Aceitar o absurdo de tudo isto
A parentalidade rouba-nos a dignidade de mil e uma maneiras diferentes. Damos por nós a cantar canções inventadas sobre vestir as calças em público. Limpamos narizes às nossas próprias mangas. Saímos regularmente de casa com manchas suspeitas nos ombros.
Deitarmo-nos de costas, agarrados aos pés e a balançar no chão da sala de estar é apenas mais uma gota no oceano do absurdo parental. Mas ao contrário dos despertares às três da manhã ou das negociações intermináveis para comer legumes, este absurdo em particular devolve-nos realmente alguma coisa. Devolve-nos uma coluna funcional. Dá-nos a capacidade de pegar nos miúdos sem fazermos uma careta de dor. E, ocasionalmente, se eles por acaso se deitarem ao vosso lado e agarrarem os próprios pés, oferece-nos um momento fugaz de solidariedade silenciosa.
Antes de darem cabo das costas por completo a tentar carregar uma criança e um carrinho de bebé num lance de escadas ao mesmo tempo, tirem cinco minutos no tapete. Confirmem só se não há peças de Lego perdidas pelo chão primeiro. Prontos para recuperar a dignidade da vossa coluna? Explorem a nossa coleção de ginásios de atividades para os manter distraídos enquanto alongam.
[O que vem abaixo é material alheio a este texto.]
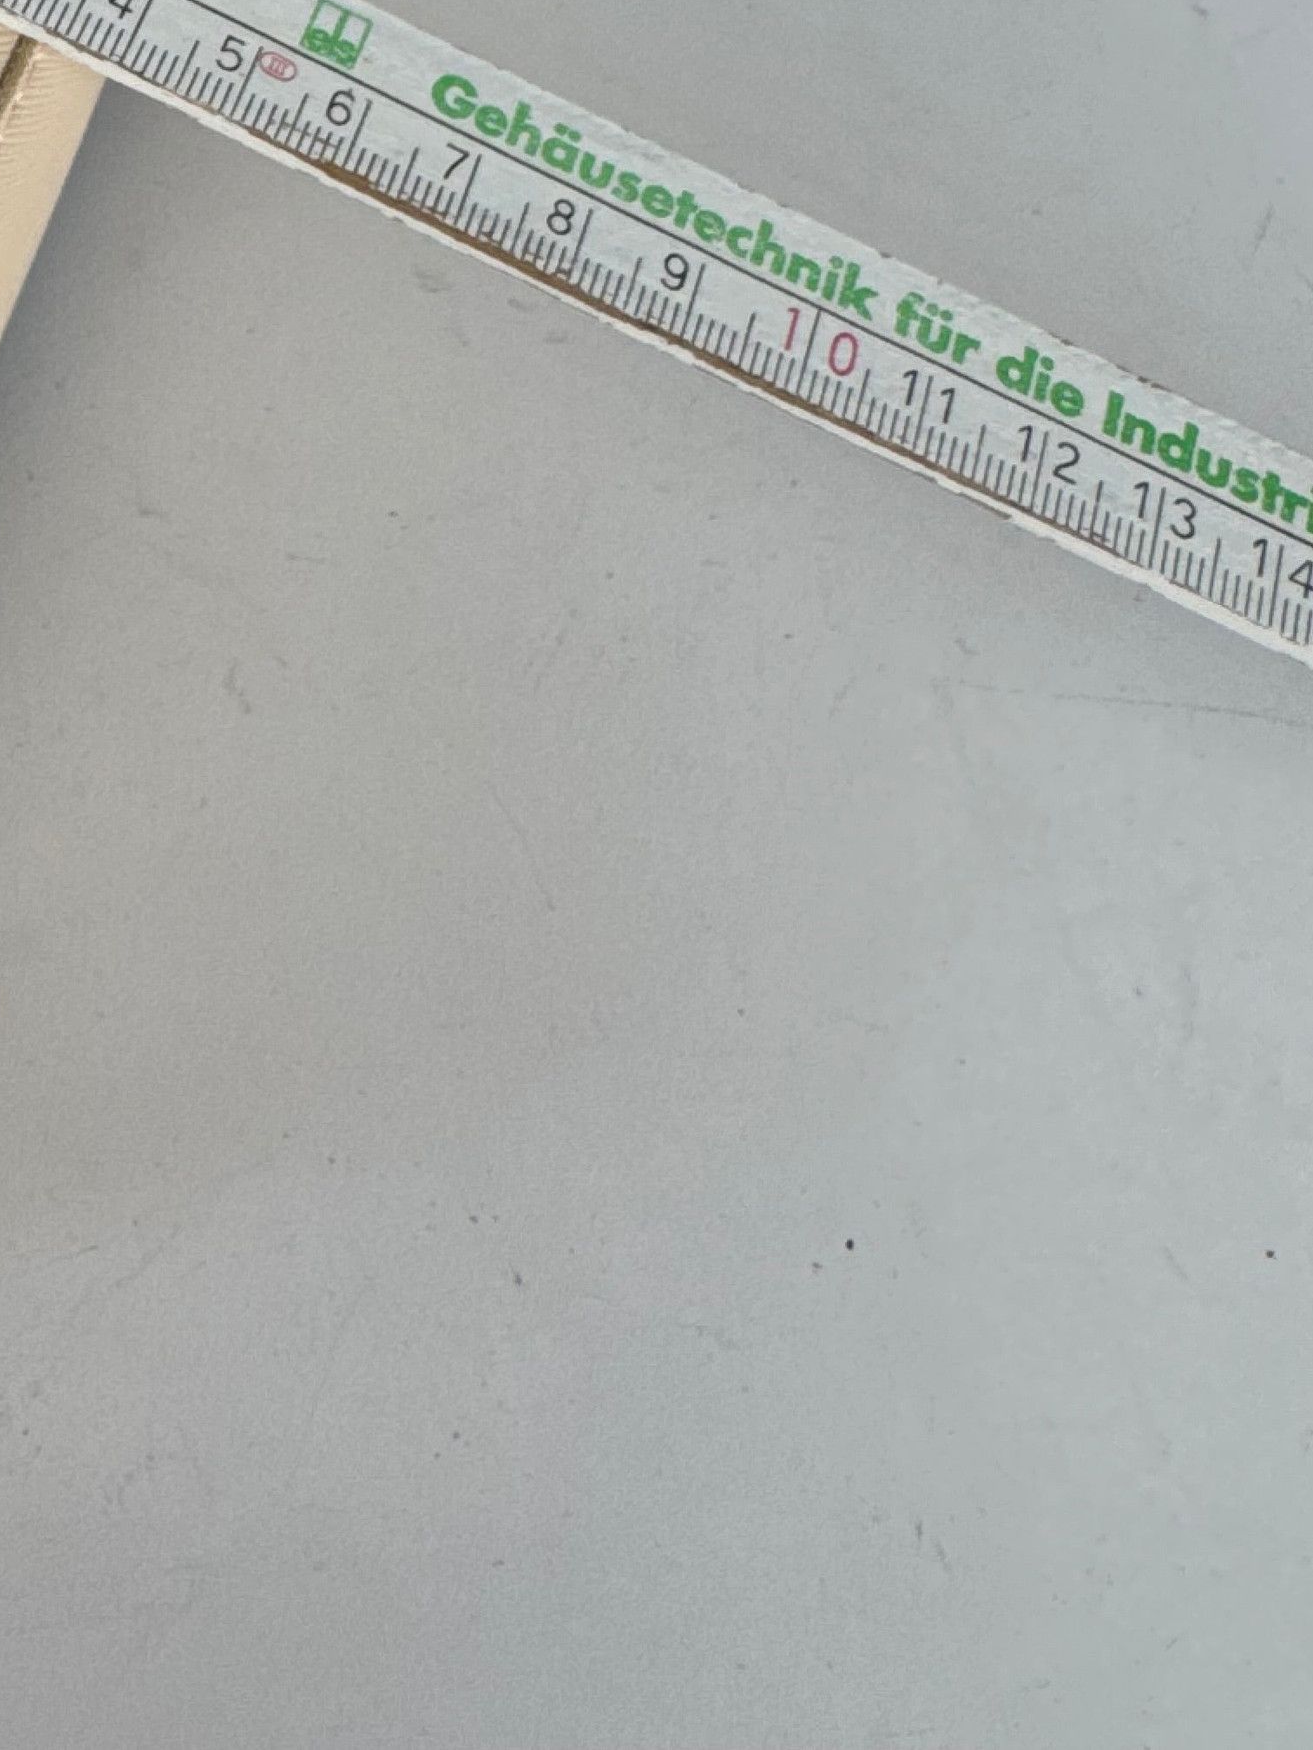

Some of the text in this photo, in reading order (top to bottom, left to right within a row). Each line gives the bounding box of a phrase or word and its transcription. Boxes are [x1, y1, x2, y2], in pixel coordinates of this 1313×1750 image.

[215, 35, 245, 72] 5
[325, 88, 355, 126] 6
[443, 142, 469, 180] 7
[546, 199, 576, 235] 8
[660, 253, 689, 291] 9
[431, 74, 879, 321] Gehäusetechnik
[894, 291, 981, 364] für
[995, 346, 1085, 417] die
Perguntas que devem honestamente ter sobre isto
Preciso de um tapete de ioga a sério para fazer isto?
De todo. Eu faço isto num tapete da sala um bocado coçado que cheira vagamente a leite derramado. Desde que o chão não esteja ativamente coberto de brinquedos afiados ou gravilha, vão safar-se bem. Se tiverem chão de madeira, talvez seja boa ideia pôr uma toalha grossa ou uma manta de bebé por baixo para não fazerem nódoas negras na coluna enquanto balançam.
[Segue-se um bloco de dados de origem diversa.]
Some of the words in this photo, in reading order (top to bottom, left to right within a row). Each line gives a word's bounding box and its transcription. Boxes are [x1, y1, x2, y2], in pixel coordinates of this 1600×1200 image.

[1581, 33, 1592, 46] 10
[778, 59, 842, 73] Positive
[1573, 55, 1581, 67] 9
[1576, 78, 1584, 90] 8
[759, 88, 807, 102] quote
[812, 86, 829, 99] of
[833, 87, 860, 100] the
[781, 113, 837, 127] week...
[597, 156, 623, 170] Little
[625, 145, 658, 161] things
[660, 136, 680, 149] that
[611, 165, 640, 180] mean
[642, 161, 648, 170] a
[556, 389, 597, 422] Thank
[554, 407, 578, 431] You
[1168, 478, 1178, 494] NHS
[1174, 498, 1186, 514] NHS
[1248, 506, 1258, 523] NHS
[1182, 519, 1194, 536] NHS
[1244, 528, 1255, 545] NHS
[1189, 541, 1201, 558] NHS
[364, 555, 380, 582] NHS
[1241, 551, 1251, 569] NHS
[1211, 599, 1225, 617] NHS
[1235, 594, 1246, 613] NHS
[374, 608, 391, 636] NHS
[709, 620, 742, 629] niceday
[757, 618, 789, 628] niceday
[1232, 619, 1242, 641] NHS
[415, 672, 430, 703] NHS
E se os meus joelhos não chegarem às axilas?
Então não chegam. A minha fisioterapeuta deixou muito claro que não se deve forçar. Se os joelhos só chegarem a meio caminho e as vossas coxas começarem a vibrar como cordas de guitarra, parem por aí. Estão a tentar compor as costas, não a fazer uma audição para o Cirque du Soleil.
Posso fazer isto se o meu bebé estiver a trepar por mim acima?
Tecnicamente, sim, mas arruína por completo o elemento relaxante. Se uma das miúdas se sentar na minha barriga enquanto estou na pose, o peso extra faz com que a minha zona lombar fique bem encostada ao chão, a sério, mas é difícil focar-me na respiração profunda quando alguém está ativamente a tentar enfiar-me uma colher de plástico no ouvido. É melhor distraí-los primeiro.
Isto vai mesmo curar as minhas dores lombares?
Quer dizer, sou apenas um tipo cansado na internet, não sou médico. Para mim, faz autênticos milagres porque a minha dor é sobretudo tensão muscular de andar a carregar miúdas pesadas. Se tiverem uma hérnia discal ou uma lesão grave e intensa, balançar pelo chão pode piorar a situação. Consultem sempre um profissional se sentirem que a vossa coluna está partida em vez de apenas cansada.
Durante quanto tempo tenho de ficar nesta posição ridícula?
Normalmente, aponto para um ou dois minutos, sobretudo porque é o tempo máximo que consigo aguentar antes de alguém exigir um lanche. Mas até mesmo trinta segundos de respiração e de um suave balançar para os lados parecem fazer reset à minha pélvis o suficiente para sobreviver à tarde.